The Doomsday Machine (Horatio Lyle)

Page 19

by Catherine Webb


  When the gunshot came, it was so close and so loud and so immediate, that Lin nearly fell off the roof again, which would never have done, as much for dignity as anything else. And to her surprise, she found that the sound made her angry, which hadn’t been part of the plan at all.

  A gunshot in the gloom.

  Lyle was surprised at how big the sound was in the small space. Certainly, the tight walls should amplify noise, make it shatter through the eardrums and churn the stomach, make it as much of a physical punch as a sense or signal to the brain. But he found it hard to believe that the thin walls, which after all were incapable of keeping out water, cold or wind, were capable of keeping in such a sound. Against something so sudden, violent, unnecessary, all the plans in Lyle’s head suddenly seemed futile and childish.

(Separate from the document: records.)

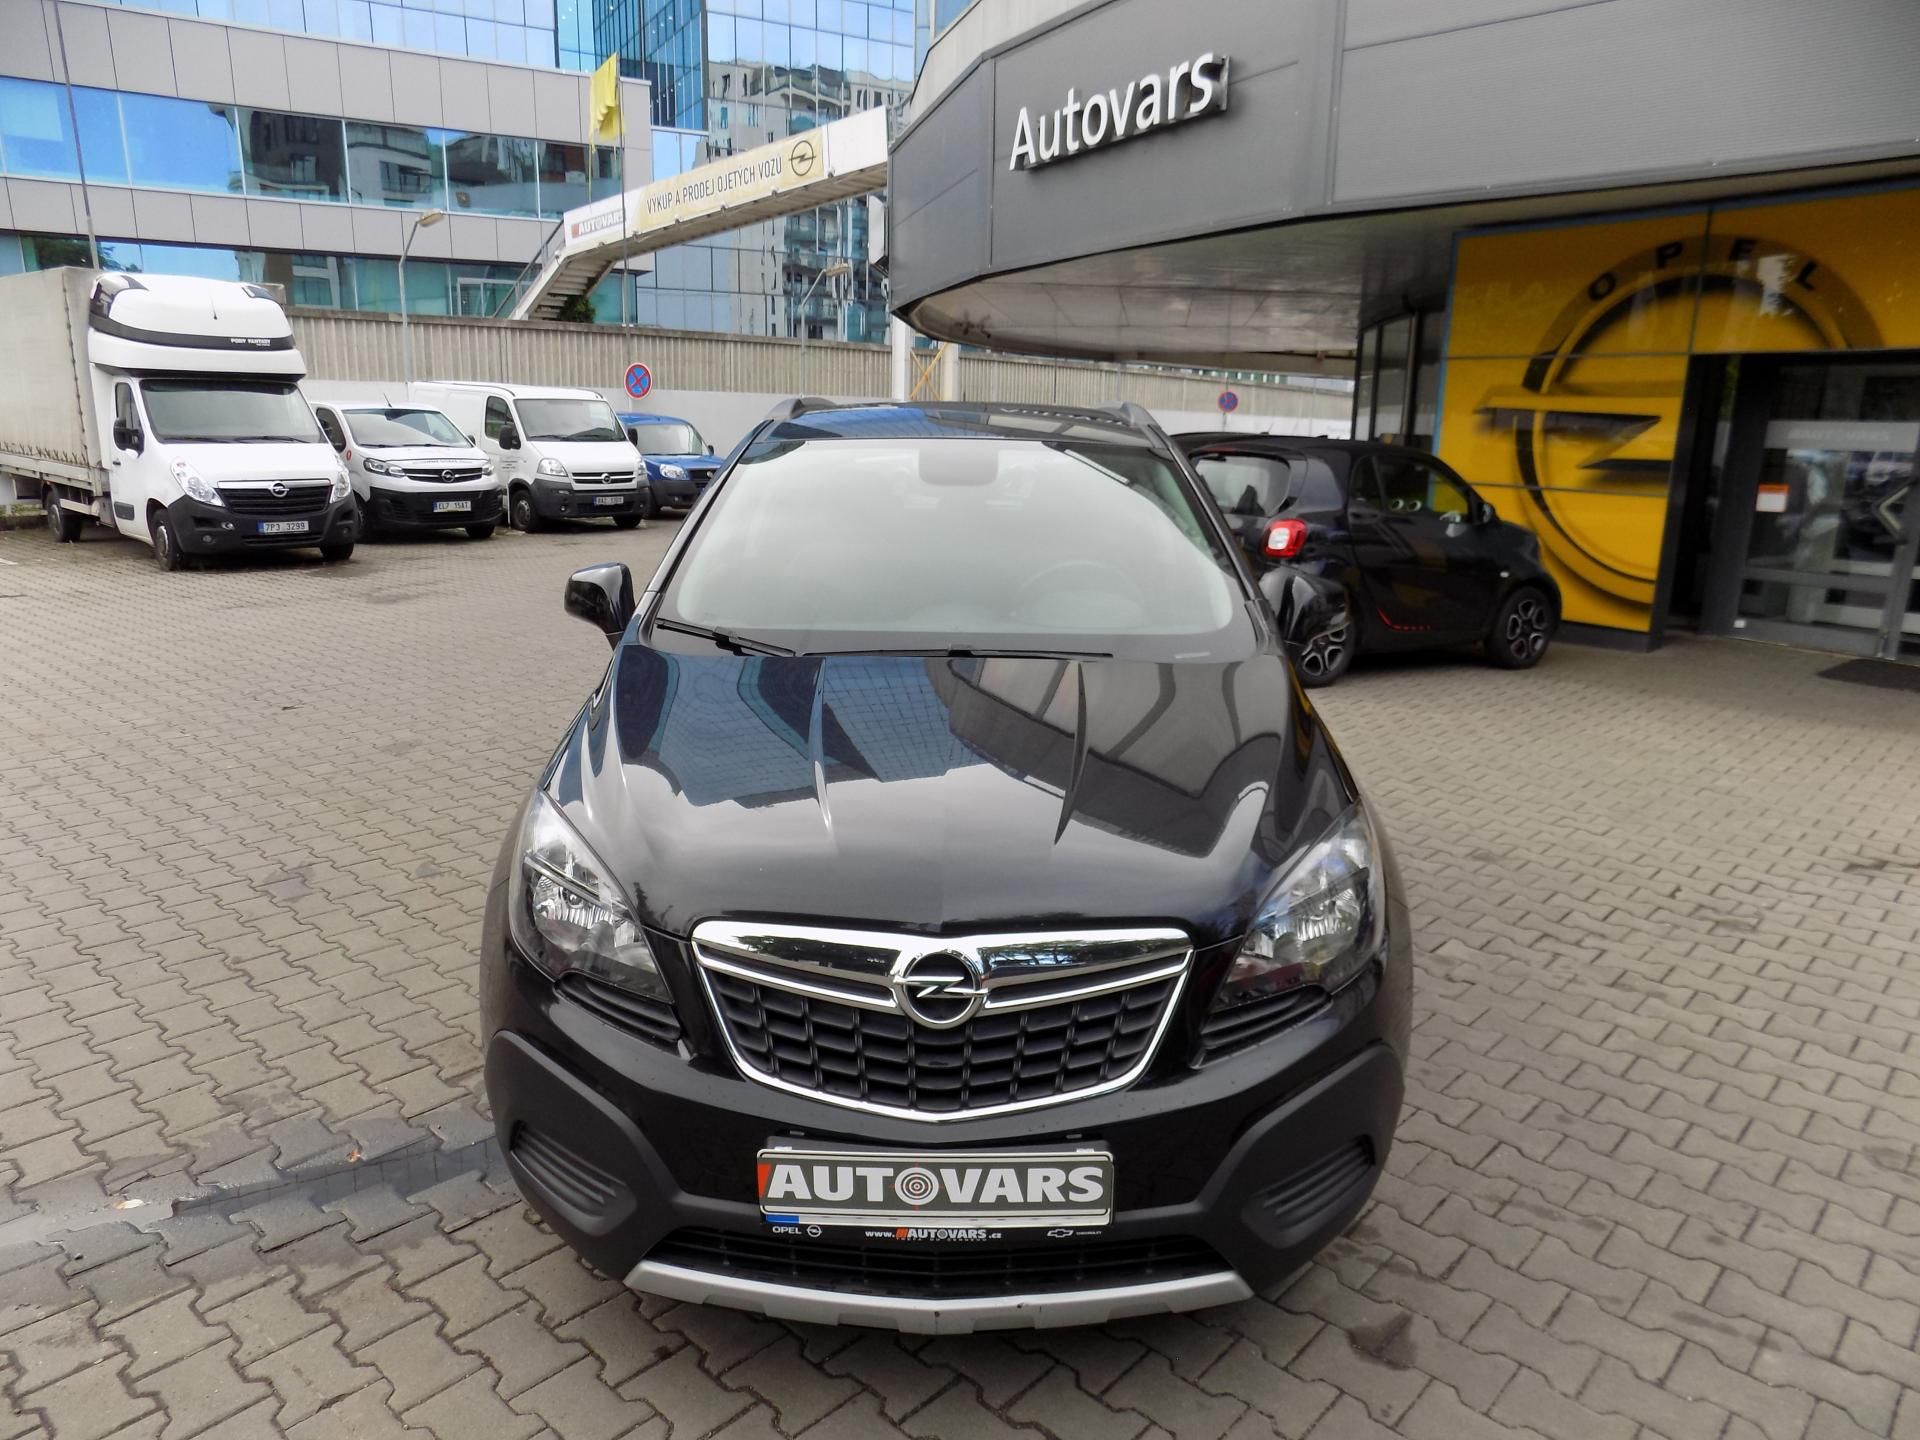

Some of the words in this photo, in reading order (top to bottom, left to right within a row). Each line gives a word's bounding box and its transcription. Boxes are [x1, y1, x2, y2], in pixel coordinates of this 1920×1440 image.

[1009, 52, 1215, 170] Autovars
[675, 190, 681, 206] A
[683, 179, 715, 203] PRODEJ
[1587, 237, 1819, 301] OPEL
[286, 522, 305, 531] 3299
[767, 1164, 1104, 1206] AUTOVARS
[772, 1225, 802, 1235] OPEL

  He felt physical pain, but was surprised not to find himself shot, or indeed hurt in any particular, and cursed his own imagination for running away with itself, so certain of death that it had already provided all the sensation without bothering to check for the proof itself. He knew he had missed the gun, he knew that Moncorvo had caught it and pushed him back in a single sweep, that the push had been weak but enough, because he was off balance and moving too fast, knew that he’d looked into the muzzle and seen the flash, knew that there had been no sound of bullet striking wall, no reassuring flat thud, but something entirely softer breaking in its passage.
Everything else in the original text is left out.